Auf den ersten Eindruck ist das Gedicht geprägt von einem starken religiösen Bezug, der sich in der romantischen Verehrung für Jesus manifestiert.
Der Inhalt des Gedichts beschreibt die spirituelle Reise des lyrischen Ichs, die von Trauer und Verzweiflung hin zur Erkenntnis und Erleichterung führt. Zu Beginn fühlt sich das lyrische Ich als Waise, verlassen und traurig. Doch dann erscheint Jesus und bietet Trost und Versicherung. Der scheinbare Verlust wird als notwendig für das eigene Wohl akzeptiert. Jesus verspricht dem lyrischen Ich seine ewige Präsenz und Belohnung nach Überwindung ihrer Leiden. Dieser Glaube an Gottes ewige Liebe und an die Tatsache, dass jegliche Entbehrungen einen tieferen Zweck haben, bringt Frieden und Freude in das Herz des lyrischen Ichs. Die Entscheidung, ihr Leben vollständig Jesus zu widmen, wird als endgültige Hingabe dargestellt.
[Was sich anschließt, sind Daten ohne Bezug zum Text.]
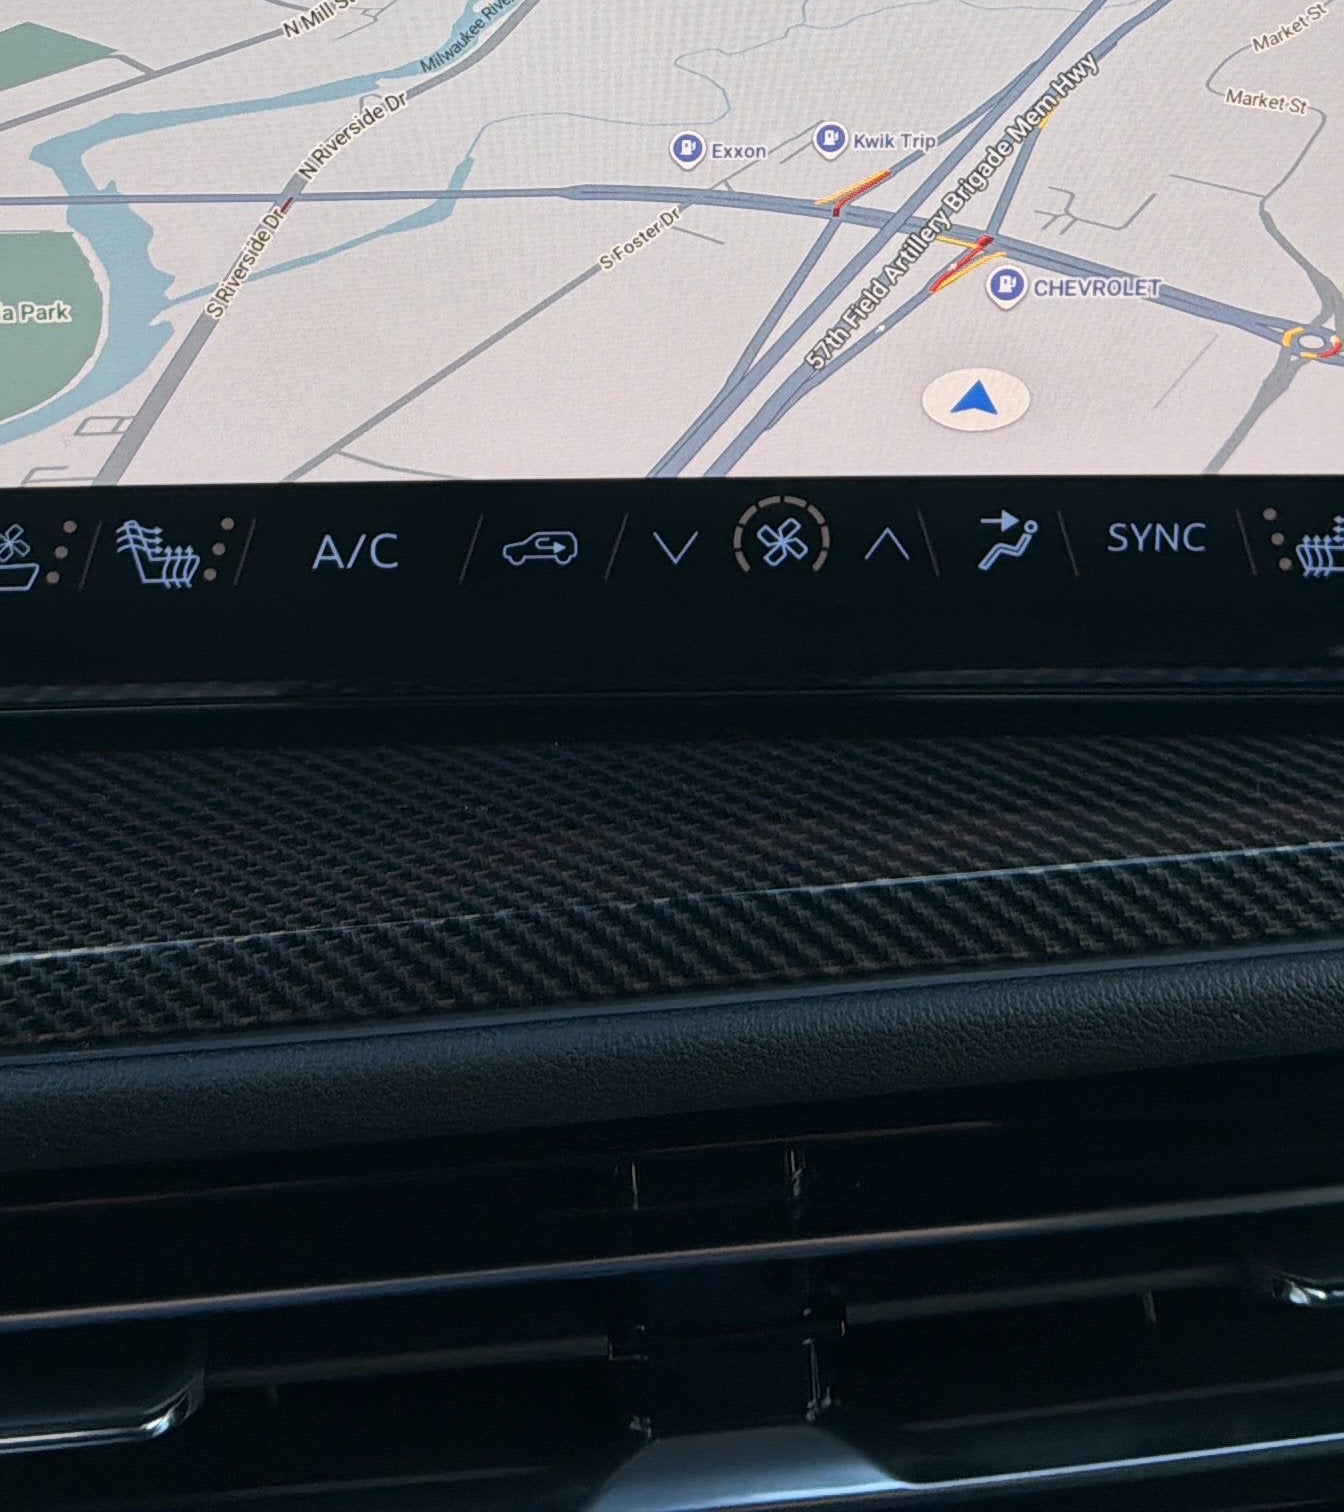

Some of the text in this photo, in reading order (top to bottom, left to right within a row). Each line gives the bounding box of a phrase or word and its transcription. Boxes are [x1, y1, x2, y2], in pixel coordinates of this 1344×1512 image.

[283, 22, 299, 39] N
[300, 3, 334, 32] Mill
[1252, 3, 1328, 53] Market St
[420, 20, 485, 74] Milwaukee
[1226, 89, 1307, 115] Market St
[299, 90, 408, 181] N Riverside Dr
[712, 144, 766, 159] Exxon
[854, 133, 936, 152] Kwik Trip
[805, 52, 1100, 371] 57th Field Artillery Brigade Mem Hwy
[599, 206, 681, 271] S Foster Dr
[207, 209, 284, 319] S Riverside Dr
[1035, 278, 1161, 297] CHEVROLET
[21, 302, 71, 322] Park
[312, 533, 399, 571] A/C
[1107, 522, 1206, 554] SYNC
Die Form des Gedichts besteht aus sechs achtsilbigen Strophen. Der Reimschema variiert von Strophe zu Strophe, was eine gewisse Dynamik und Flexibilität in der Dichtung schafft. Die Sprache des Gedichts ist gekennzeichnet durch religiöse Metaphern und Symbole. Es ist durchzogen von einer tiefen Emotionalität, die von der inneren Not bis zu der ersehnten Freude und Ruhe reicht. Der Klang des Gedichts ist melodisch und trägt zur Empathie mit den Gefühlen des lyrischen Ichs bei.
Insbesondere zeigt das Gedicht eine klare barocke Tendenz: die konstante Suche nach Gott und die Sehnsucht nach der göttlichen Liebe und der ewigen Erlösung. Geprägt von der tiefen Zusammengehörigkeit von Geist und Gefühl, die seinen Ursprung in seiner tief verwurzelten religiösen Überzeugung findet, liefert das Gedicht eine bewegende Darstellung des individuellen Glaubenswegs.
Weitere Informationen
Das Gedicht „Sie wird getröstet von ihrem Jesu“ stammt aus der Feder des Autors bzw. Lyrikers Angelus Silesius. Silesius wurde im Jahr 1624 in Breslau geboren. Die Entstehungszeit des Gedichtes liegt zwischen den Jahren 1640 und 1677. Die Entstehungszeit des Gedichtes bzw. die Lebensdaten des Autors lassen eine Zuordnung zur Epoche Barock zu. Bei dem Schriftsteller Silesius handelt es sich um einen typischen Vertreter der genannten Epoche.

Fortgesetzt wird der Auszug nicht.